Bart Ransomware Creates Password-Protected ZIP Files in Place of Common Encryption

As expected, new ransomware has evolved to introduce creative methods to spread its payload onto as many computers as possible. In that, the Bart ransomware's authors have conjured up a way to create individual password-protected ZIP archives instead of performing the common method of encrypting files on an infected computer.

Bart ransomware is among the latest malware that uses aggressive techniques that hold an infected PC for a ransom fee by locking down its operation through manipulating files. The significant difference in Bart ransomware versus the most recent encryption type threats its primary function of locking files in password-protected ZIP archives instead of encrypting files. Additionally, Bart ransomware uses the distribution methods similar to that of Locky ransomware where it uses spam email to deliver a ZIP archive that loads a malicious JS file once it is unzipped.

The JS file included within Bart ransomware's ZIP archive is one that downloads RockLoader, a malicious application that downloads the Bart ransomware. Similar to Locky, Bart ransomware is directly downloaded and initialized from the JS file. Another aspect that sets Bart ransomware apart from its suspected Locky predecessor, is its ability to work offline where it does not require a command and control server to negotiate an encryption process because it does not thrive on encryption of files to put up a ransom on computer users.

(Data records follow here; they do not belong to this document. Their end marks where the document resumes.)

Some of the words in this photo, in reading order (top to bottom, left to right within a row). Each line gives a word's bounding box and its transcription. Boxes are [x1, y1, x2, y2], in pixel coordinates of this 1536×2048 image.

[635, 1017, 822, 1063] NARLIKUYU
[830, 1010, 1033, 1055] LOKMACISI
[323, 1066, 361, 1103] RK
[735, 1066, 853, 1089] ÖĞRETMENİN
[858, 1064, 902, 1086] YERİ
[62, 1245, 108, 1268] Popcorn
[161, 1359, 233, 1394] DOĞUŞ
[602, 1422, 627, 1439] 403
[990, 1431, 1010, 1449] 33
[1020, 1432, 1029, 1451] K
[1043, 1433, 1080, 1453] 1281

You can think of Bart ransomware as a rogue jail guard, one that locks up files inside a vault and holds the key to unlocking that vault for a substantial ransom fee. The vault in such a case is the ZIP archive that Bart masks files in a particular type, one out of 159 different file types. Bart uses up to as many as 159 different file types; some may be renamed to image.jpg.bart.zip where the original file was named image.jpeg.

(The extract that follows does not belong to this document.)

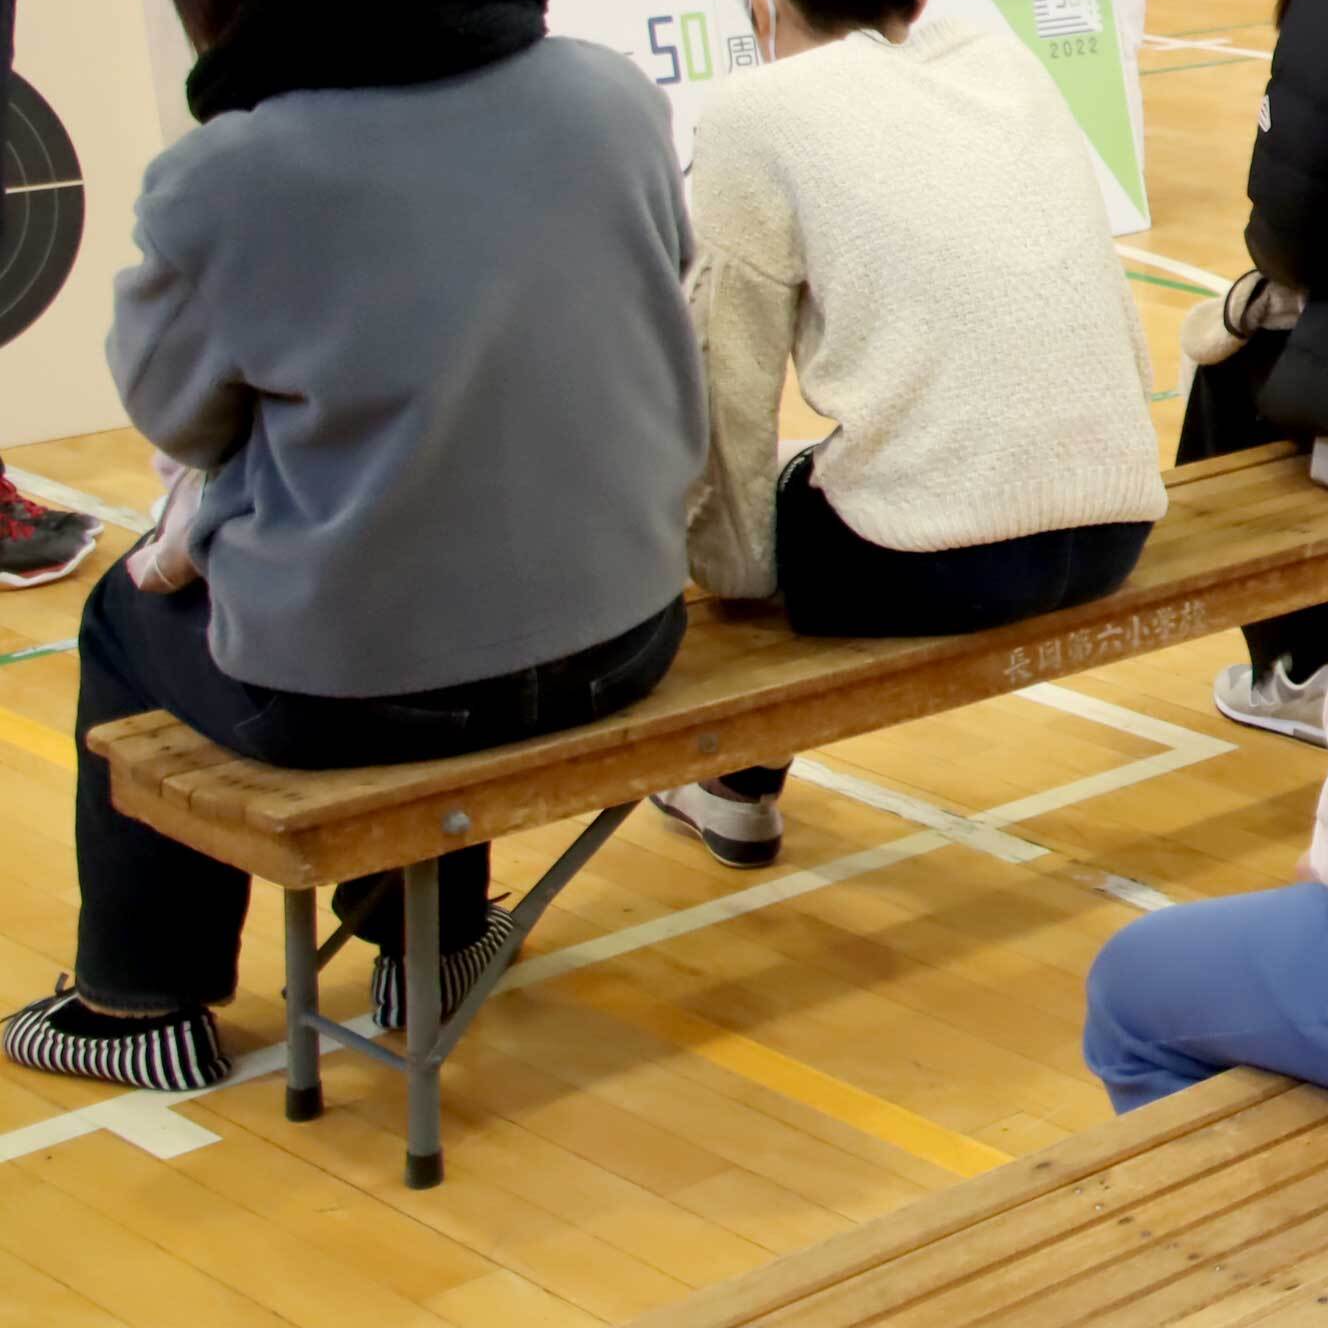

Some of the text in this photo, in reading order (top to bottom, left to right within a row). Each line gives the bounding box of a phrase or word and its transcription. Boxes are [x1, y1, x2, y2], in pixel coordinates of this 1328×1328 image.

[1049, 36, 1098, 59] 2022
[1003, 598, 1208, 684] 長岡第六小学校

The round off the differences of Bart ransomware, it asks that victimized computer users pay a ransom fee of 3 Bitcoin, which equates to about $1,800. We have seen many cases of ransomware break out of its conservative ways and start charging substantial ransom fees that end up costing computer users well over $1,000. The interesting part of the matter is that some computer users will pay the fee, even with it being $1,800 because they want to restore the functionality of their computer and not risk losing all of their data and irreplaceable files. Those who pay the fee may not have a viable backup of their system, which leaves them at the mercy of the ransomware and its authors.

For the time being, Bart ransomware doesn't have a decryptor or a method of freeing files locked in ZIP archives on an infected computer. However, it has yet to be seen if a universal password is available to unlock ZIP archives to free files, due to Bart ransomware adding a password to protect each individually Zipped file.

The extensive Bart ransomware notification that is displayed after infection is one that attempts to give victimized computer users several options of purchasing Bitcoins, which is a rarity among ransomware. We believe that as ransomware evolves the authors will start to offer detailed instructions and alternative methods for purchase of Bitcoins to make the process of paying ransom fees faster and easier. It's a win-win on the part of ransomware authors.